The Hatch-Waxman Act, enacted in 1984, was designed to allow rapid entry of generic drugs into the market as soon as patents ended. For a long time, the law was successful at bringing competitors into the fold, which brought down prices by up to 80%. The law also allows a drug company to challenge a patent. If the challenger wins, they are rewarded by being the only generic on the market for six months.
“That’s intended to help clear out weak and inappropriate patents,” Feldman said. “Unfortunately, the drug companies have taken this system and twisted it around.” She said patent holders are settling with challengers in what is known as “pay for delay” agreements. In other words, they pay that first generic to stay off the market.
“So, the branded drug stays on the market at a very high price. The generic gets paid a little of that monopoly rent to stay off the market. And when the generic comes to market, it still gets its six-month exclusivity,” she said. “It’s a win-win for the branded drug. It’s a win for the generic drug. Consumers and society lose. These things push out the horizon at which a generic drug would enter the market.”
Feldman thinks “pay to delay” is a form of collusion. She said the Supreme Court has opened the door to antitrust lawsuits to challenge this behavior, and some lower courts have found the behavior to be inappropriate. But antitrust lawsuits are expensive, time-consuming and difficult to pursue. And big pharma can be “extraordinarily creative” in their efforts to protect their valuable monopolies.

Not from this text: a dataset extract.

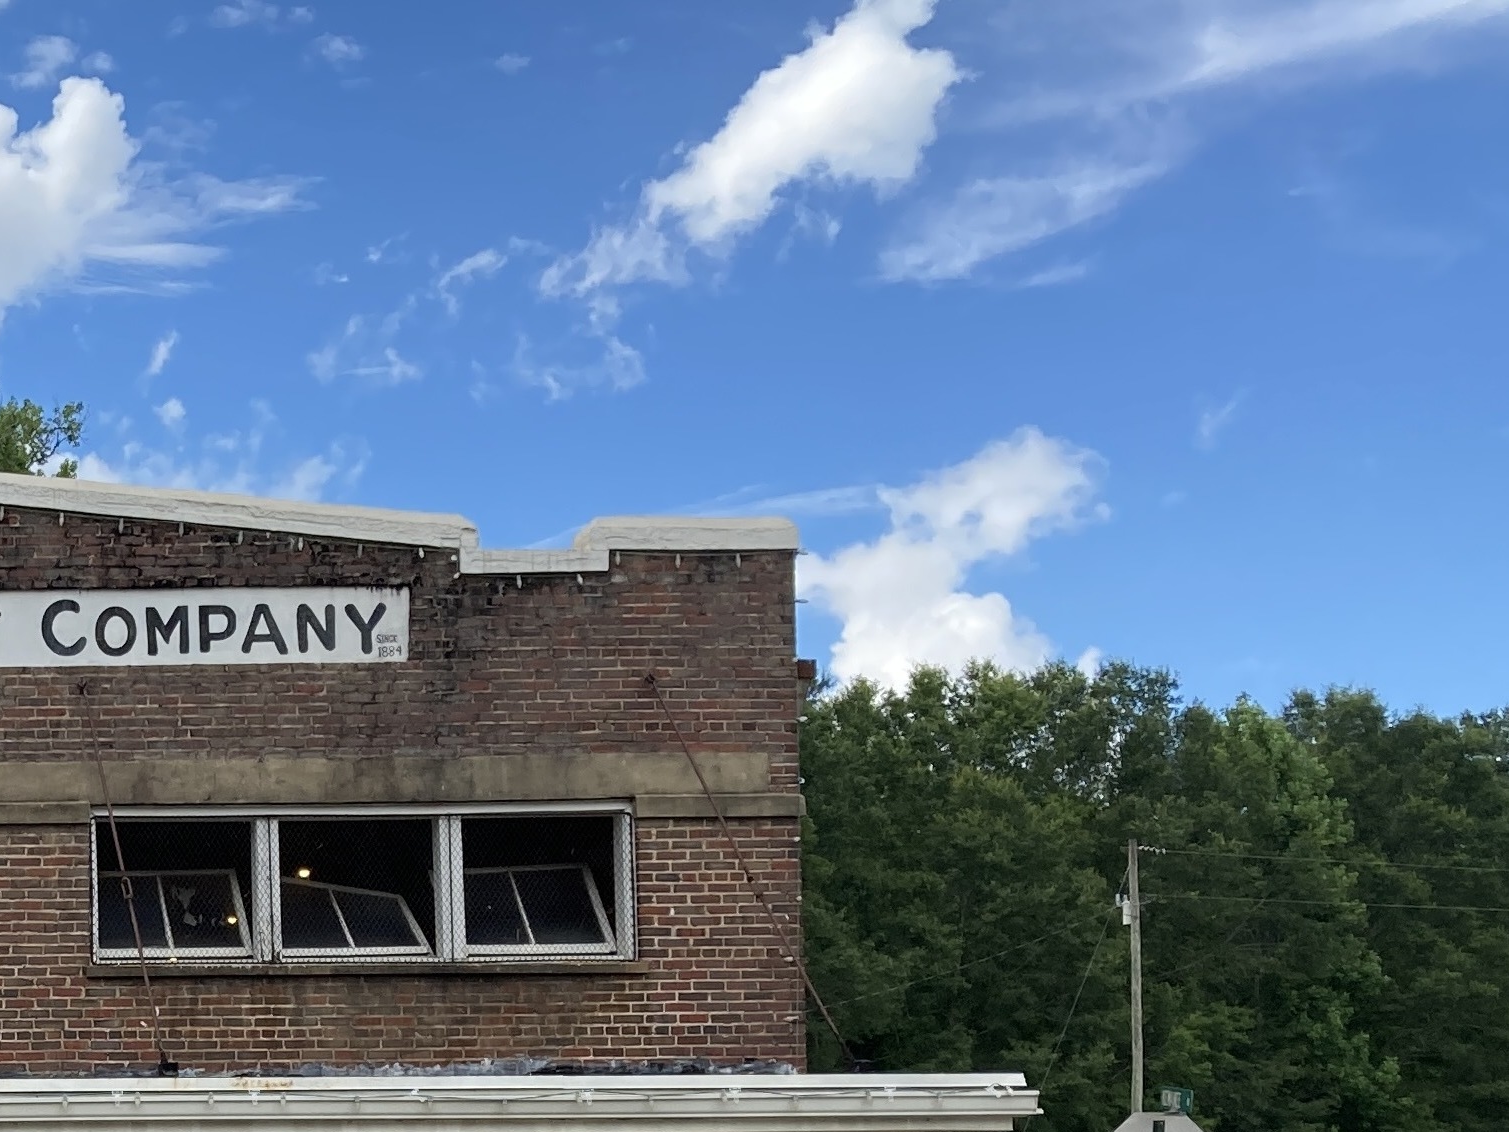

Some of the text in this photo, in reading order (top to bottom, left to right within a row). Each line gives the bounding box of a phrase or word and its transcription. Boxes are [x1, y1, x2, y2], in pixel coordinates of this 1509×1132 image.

[42, 599, 387, 657] COMPANY
[376, 634, 398, 643] SINCE
[378, 645, 402, 657] 1884

“These companies have developed extraordinarily complex deals that are difficult to tease out,” Feldman said. “Rather than have a direct payment to the generic company, the brand name drug may have all types of side deals that are entirely economically irrational. For example, they may pay a generic an overvalued amount to do something that the generic has no experience in and that one would never hire them to do, like being a dead middleman between the manufacturer and the seller. Or paying a generic company to market a drug, when the generic company has no marketing experience and isn’t a marketing company. These are economically irrational deals, but they camouflage what is essentially ‘pay for delay.'”
“Rather than have a direct payment to the generic company, the brand name drug may have all types of side deals that are entirely economically irrational.”
As a result of these tactics, generic companies are shrinking, consolidating and generally not gaining entry to the market.
Can Constituent Pressure Help?
Feldman is encouraging citizens to turn up the heat on the issue of exorbitant drug pricing. “Sometimes you have to run in a circle until you can find the exit,” she said. “I do believe we are at a point in history where it may be possible to find a way out of the problems that we have. The key, however, is going to be popular sentiment. We are a democracy. Even with extraordinary lobbying, Congress and state and local governments do respond if the pressure is overwhelming.”
Feldman believes the best way to fix the broken system is to simplify it. “Complexity breeds opportunity. And the drug industry is adept at exploiting that complexity. A simpler system makes it much more difficult to play games.” She advocates legal changes that would remove incentives and limit companies to one period of exclusivity on a chemical formulation with no allowance for extensions. She also calls for greater transparency in the process.
“Deals like this thrive in dark corners, and a little sunshine goes a long way,” she said. “If Congress or the states were able to promulgate regulations that would ask for simple openness about what the different deals are, it would be much easier to shut them down.”